** Phrase grounding data **
-=-=-=-=-
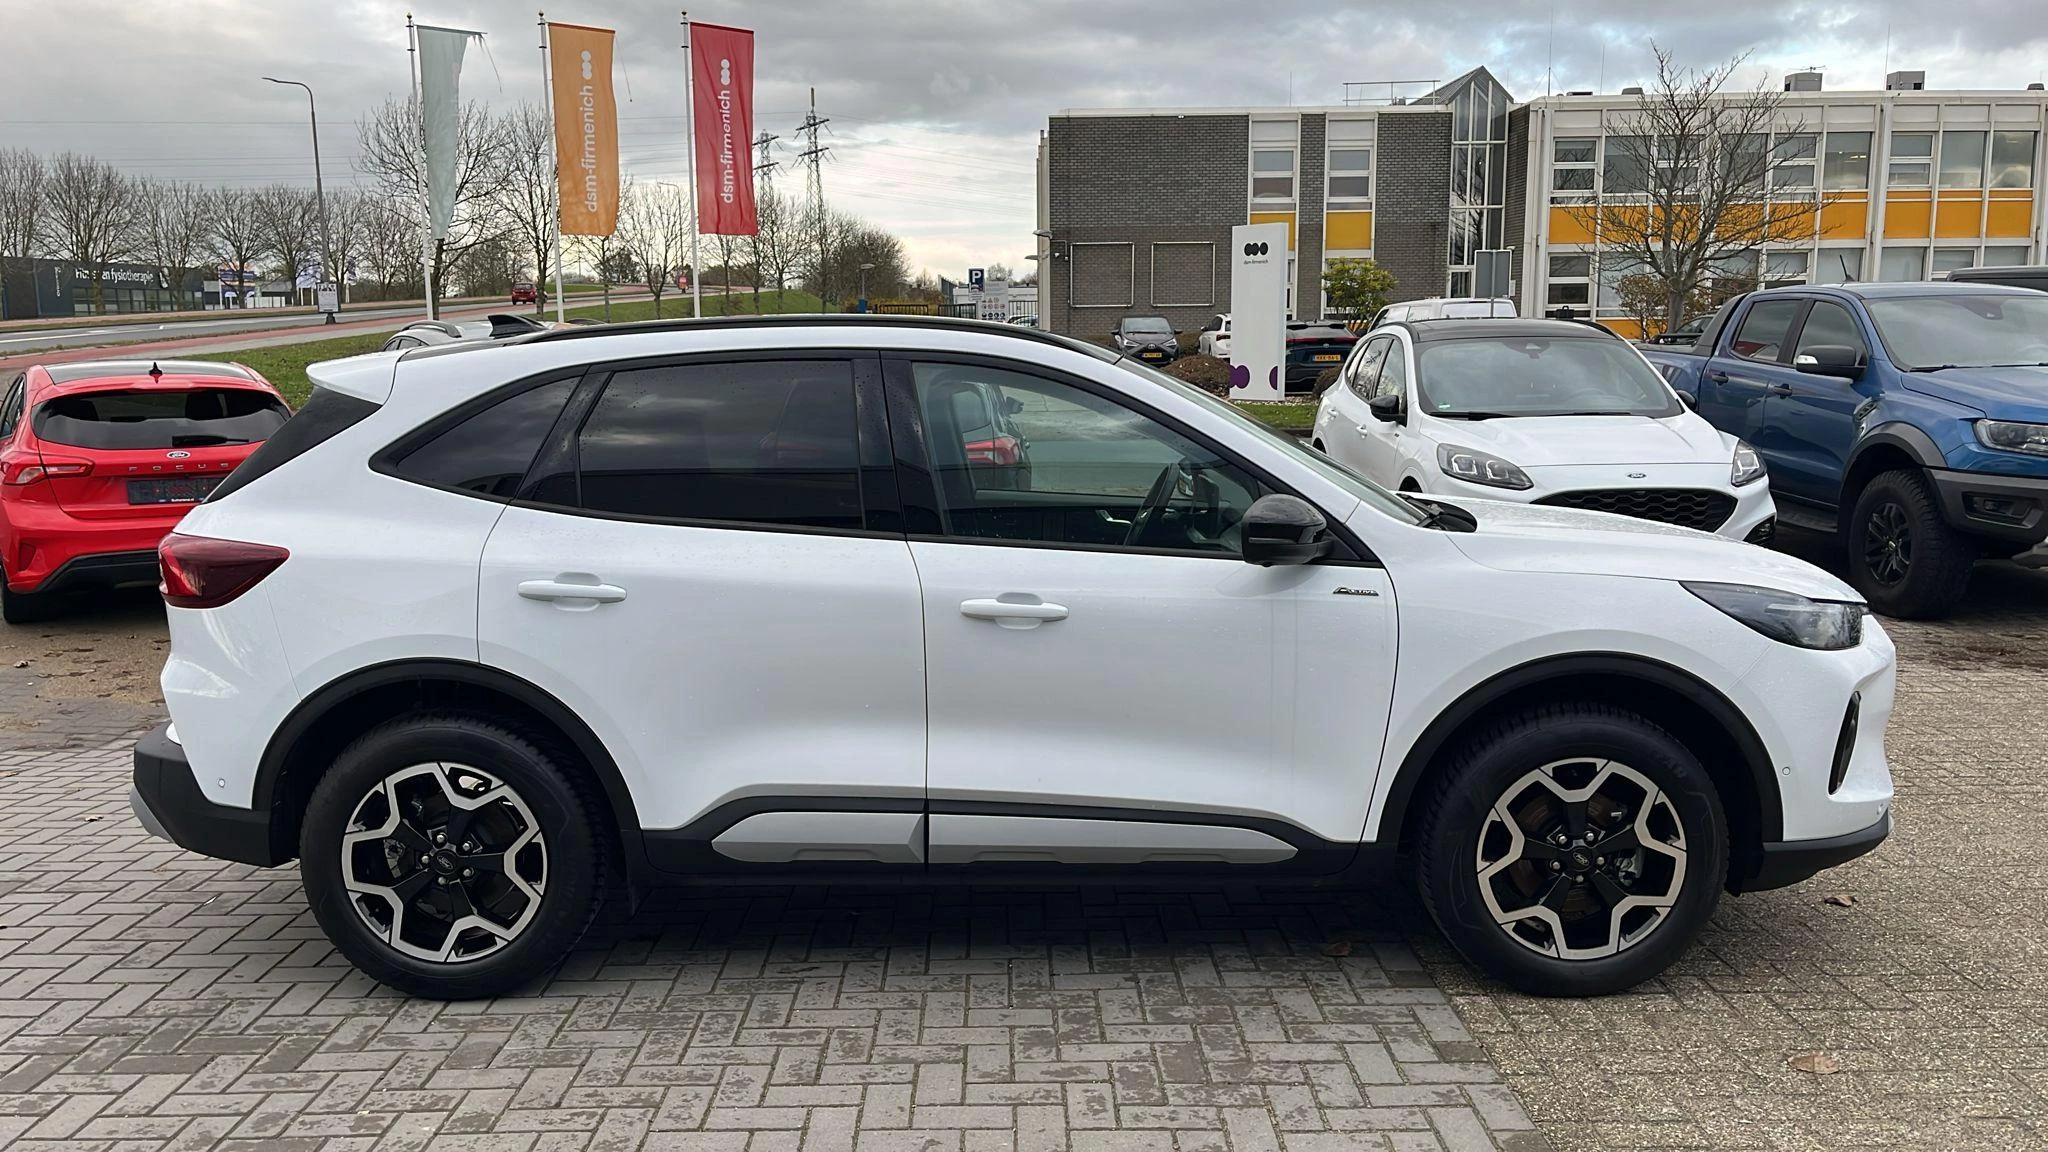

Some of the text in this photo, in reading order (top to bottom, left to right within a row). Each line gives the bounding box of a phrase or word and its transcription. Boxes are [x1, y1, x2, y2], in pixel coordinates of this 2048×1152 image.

[580, 85, 597, 212] dsm-firmenich
[718, 90, 734, 203] dsm-firmenich
[111, 267, 154, 285] fysiotherapie
[972, 271, 981, 283] P
[128, 463, 229, 471] FOCUS
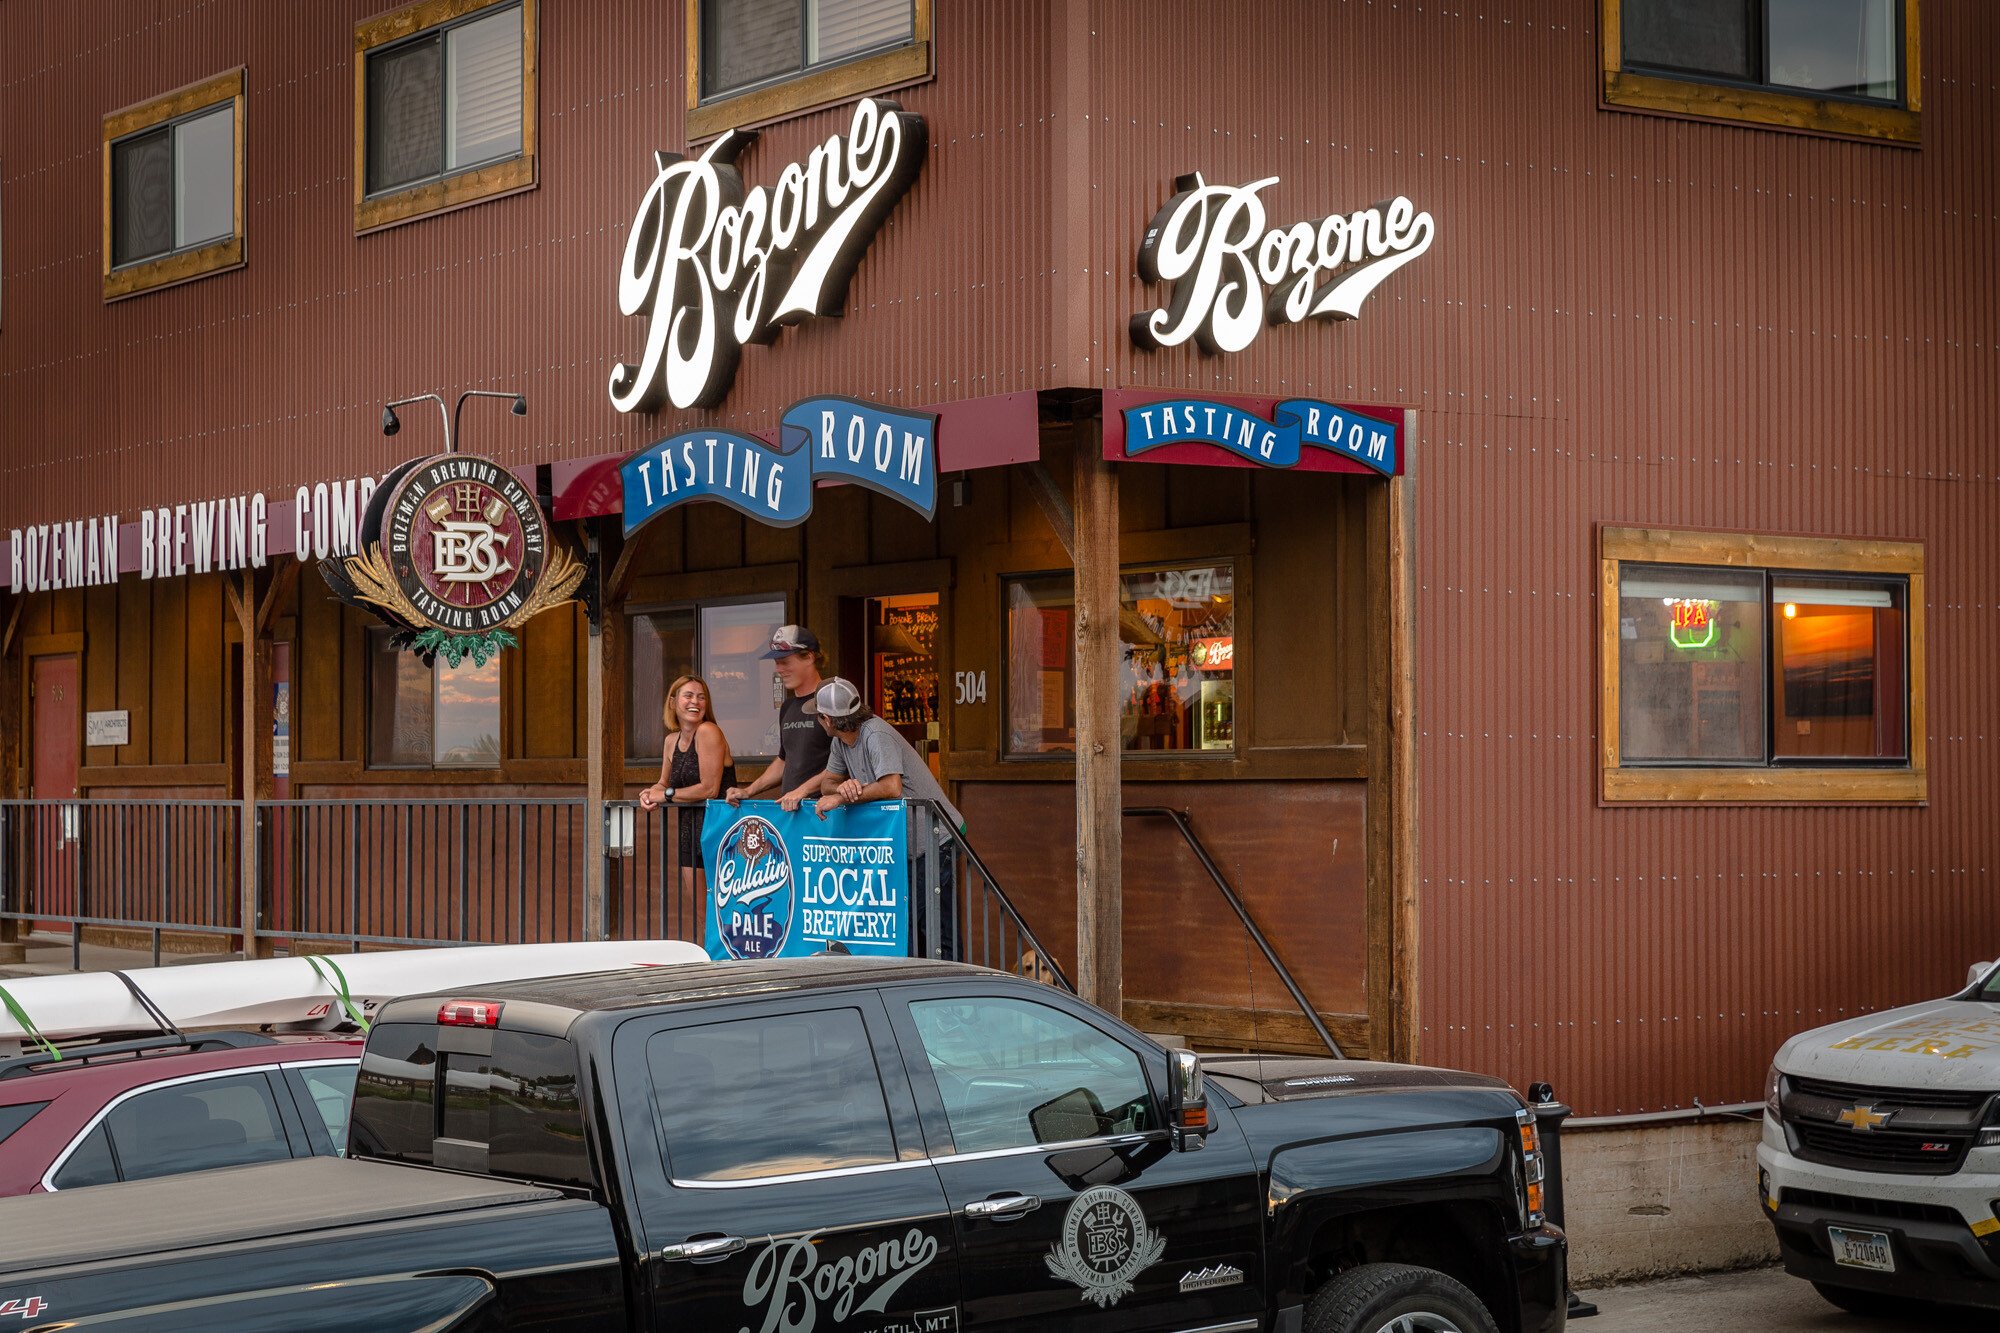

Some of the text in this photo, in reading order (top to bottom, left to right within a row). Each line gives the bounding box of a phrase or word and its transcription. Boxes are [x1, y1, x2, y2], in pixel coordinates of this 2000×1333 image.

[609, 98, 901, 413] Bozone
[1150, 171, 1435, 352] Bozone
[1140, 405, 1388, 462] TASTING ROOM
[638, 438, 785, 512] TASTING
[820, 410, 925, 485] ROOM
[393, 481, 427, 553] BOZEMAN
[430, 461, 498, 485] BREWING
[503, 481, 542, 554] COMPANY
[11, 515, 118, 594] BOZEMAN
[141, 492, 267, 580] BREWING
[412, 586, 522, 628] TASTING ROOM
[1674, 603, 1706, 627] IPA
[955, 670, 987, 704] 504
[783, 720, 815, 730] DAKINE
[803, 844, 895, 864] SUPPORT YOUR
[717, 854, 789, 907] Gallatin
[803, 867, 896, 906] LOCAL
[732, 911, 774, 939] PALE
[803, 909, 896, 939] BREWERY!
[744, 941, 761, 953] ALE
[1068, 1191, 1143, 1247] BOZEMAN BREWING COMPANY
[738, 1227, 938, 1333] Bozone
[1075, 1250, 1140, 1284] BOZEMAN MONTANA
[926, 1315, 950, 1332] MT
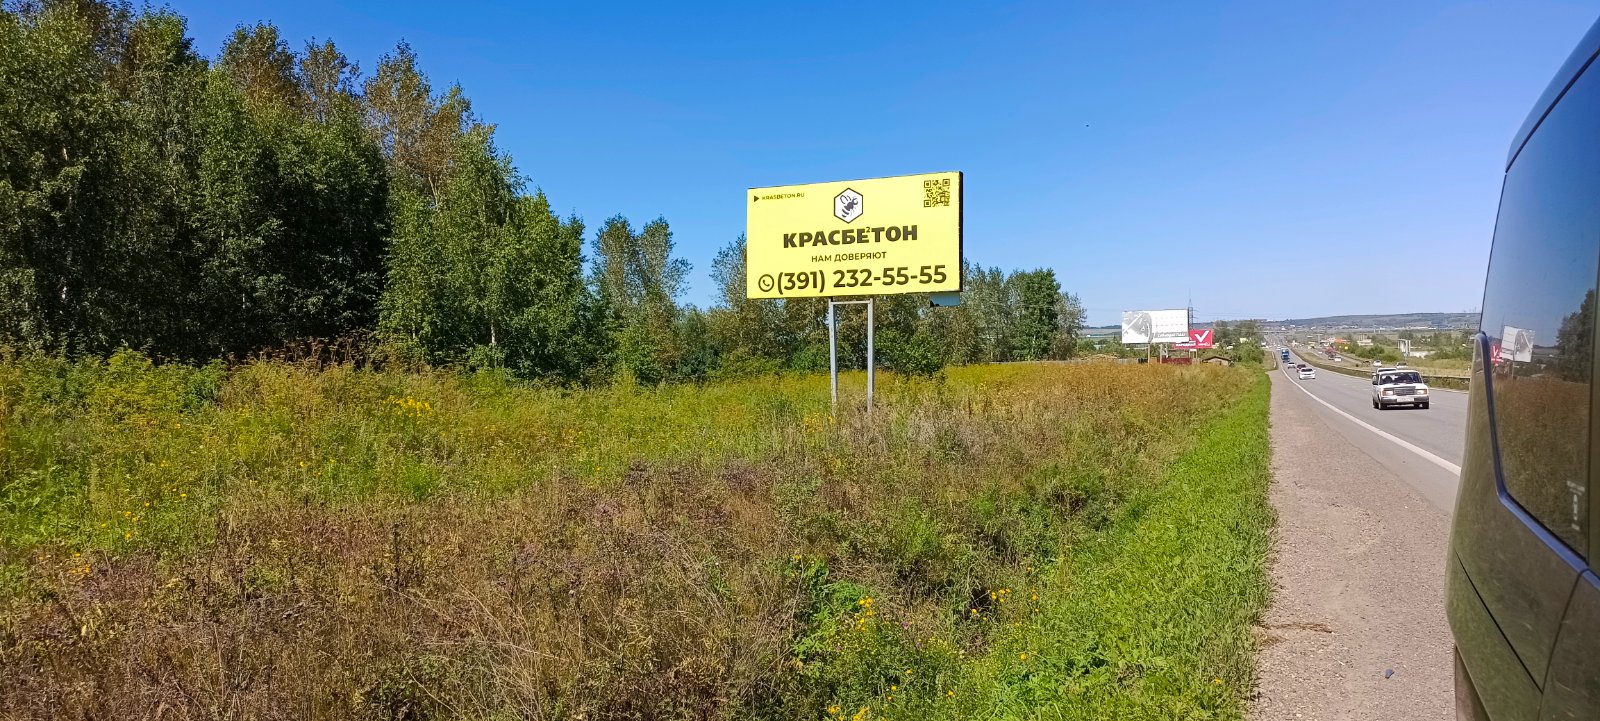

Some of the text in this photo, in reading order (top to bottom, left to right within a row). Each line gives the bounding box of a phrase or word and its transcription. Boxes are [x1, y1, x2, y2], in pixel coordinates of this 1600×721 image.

[811, 251, 887, 263] НАМ ДОВЕРЯЮТ
[777, 265, 947, 294] (391) 232-55-55
-=-=-=-=-
** Your objective **
What you write should match the entries exactly, except that the pictures are dropped.

** Final answer **
Some of the text in this photo, in reading order (top to bottom, left to right within a row). Each line gives the bounding box of a phrase or word and its transcription. Boxes are [x1, y1, x2, y2], in pixel coordinates of this 2048×1152 image.

[580, 85, 597, 212] dsm-firmenich
[718, 90, 734, 203] dsm-firmenich
[111, 267, 154, 285] fysiotherapie
[972, 271, 981, 283] P
[128, 463, 229, 471] FOCUS

Some of the text in this photo, in reading order (top to bottom, left to right within a row). Each line gives the bounding box of a phrase or word and its transcription. Boxes are [x1, y1, x2, y2], in pixel coordinates of this 2000×1333 image.

[609, 98, 901, 413] Bozone
[1150, 171, 1435, 352] Bozone
[1140, 405, 1388, 462] TASTING ROOM
[638, 438, 785, 512] TASTING
[820, 410, 925, 485] ROOM
[393, 481, 427, 553] BOZEMAN
[430, 461, 498, 485] BREWING
[503, 481, 542, 554] COMPANY
[11, 515, 118, 594] BOZEMAN
[141, 492, 267, 580] BREWING
[412, 586, 522, 628] TASTING ROOM
[1674, 603, 1706, 627] IPA
[955, 670, 987, 704] 504
[783, 720, 815, 730] DAKINE
[803, 844, 895, 864] SUPPORT YOUR
[717, 854, 789, 907] Gallatin
[803, 867, 896, 906] LOCAL
[732, 911, 774, 939] PALE
[803, 909, 896, 939] BREWERY!
[744, 941, 761, 953] ALE
[1068, 1191, 1143, 1247] BOZEMAN BREWING COMPANY
[738, 1227, 938, 1333] Bozone
[1075, 1250, 1140, 1284] BOZEMAN MONTANA
[926, 1315, 950, 1332] MT

Some of the text in this photo, in reading order (top to bottom, left to right within a row). Each line gives the bounding box of a phrase or word and its transcription. Boxes are [x1, y1, x2, y2], in pixel coordinates of this 1600×721 image.

[811, 251, 887, 263] НАМ ДОВЕРЯЮТ
[777, 265, 947, 294] (391) 232-55-55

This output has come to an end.